The impact of liberal and “political correctness” meddling in developing countries has been devastating. According to scientists and doctors in those nations, DDT poses little or no risk to humans or animals when used responsibly. Yet we still have people in the Western world who threaten agricultural bans and other sanctions against countries that use DDT to save lives.

The common-sense person has to wonder what other harm from overreaching policies and actions by politically charged environmental groups will surface in the future. Bed bug infestations are not as serious as malaria, but just the thought that other forms of pest control have proven ineffective or less effective than DDT in their eradication is disconcerting. People staying in hotels and motels up until 1951 were always at risk of being bitten by bed bugs.

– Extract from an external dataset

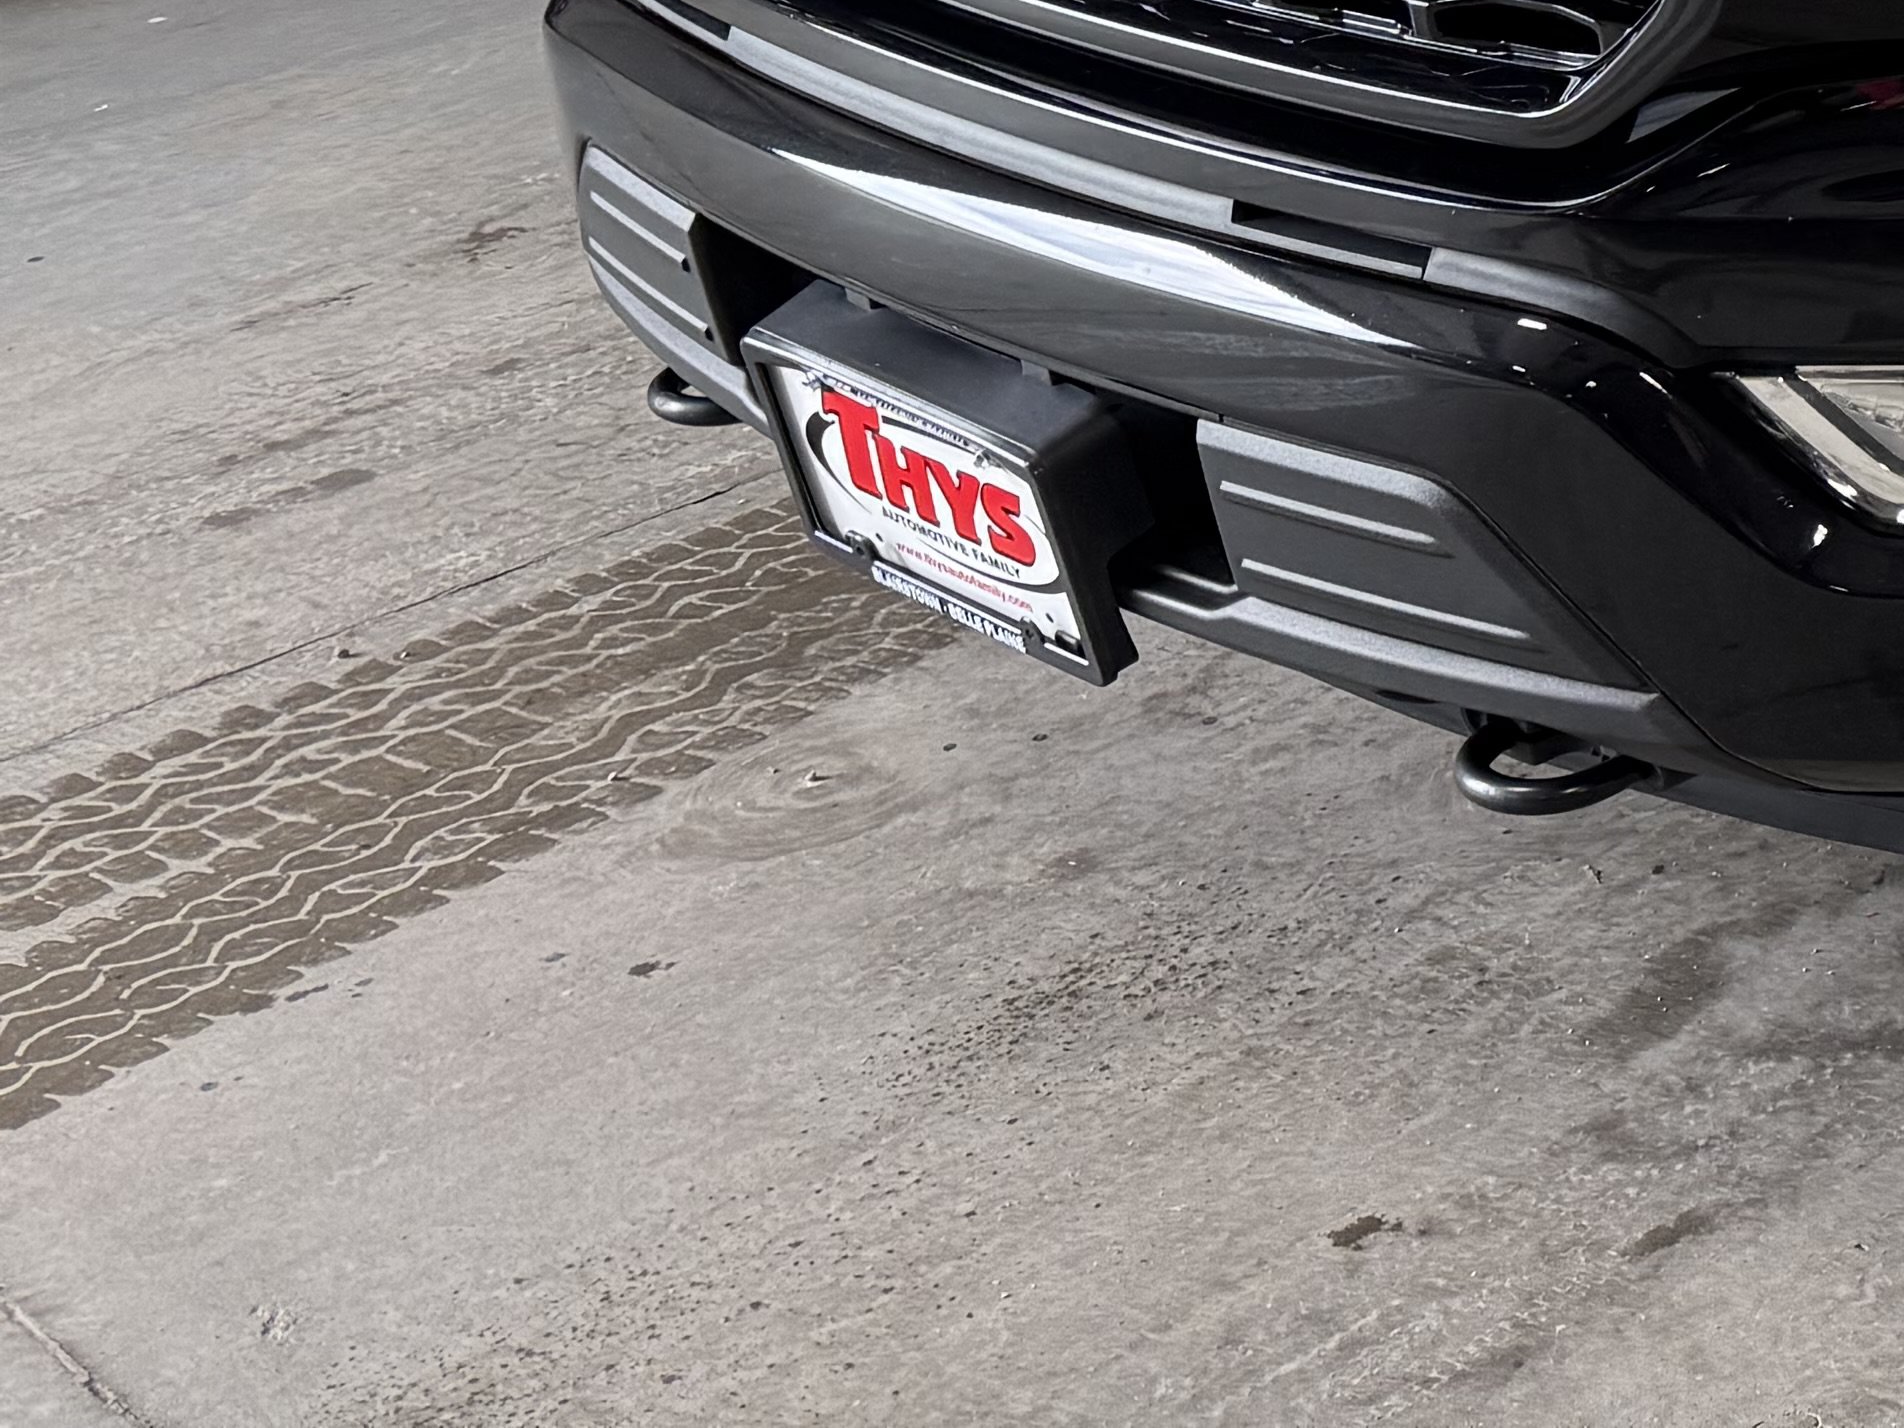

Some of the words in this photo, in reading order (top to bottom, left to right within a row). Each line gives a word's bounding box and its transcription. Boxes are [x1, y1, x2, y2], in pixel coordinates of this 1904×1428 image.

Then DDT was discovered as a very effective weapons against the little blood-suckers. The threat went away for decades, but now it looms again.

The concern over the environment could have taken a different track and would have been hailed as one of the most significant achievements of humankind, but it became a political weapon and therefore became polluted. Jay Lehr, Ph.D., is science director for the Heartland Institute. In his recent paper, “When Will We Tire of the Fear Mongers?” he writes, “Shouldn't we notice that past environmental and public-health crises never were true, and shouldn't that realization lead us to stop over-reacting each time a new doomsday scenario appears in the daily newspapers?”

I, for one, agree with Mr Lehr. There is nothing wrong with being concerned about the environment, but unless there is a balanced look t the issue, taking into consideration all views, pro and con, it is easy to move too far to one side or the other. To absolutely assert that “the debate is over,” and that only one view is valid, is insane. Maybe it is our way, or culture that causes us to turn every issue into a political and divisive firestorm, but who are we really hurting?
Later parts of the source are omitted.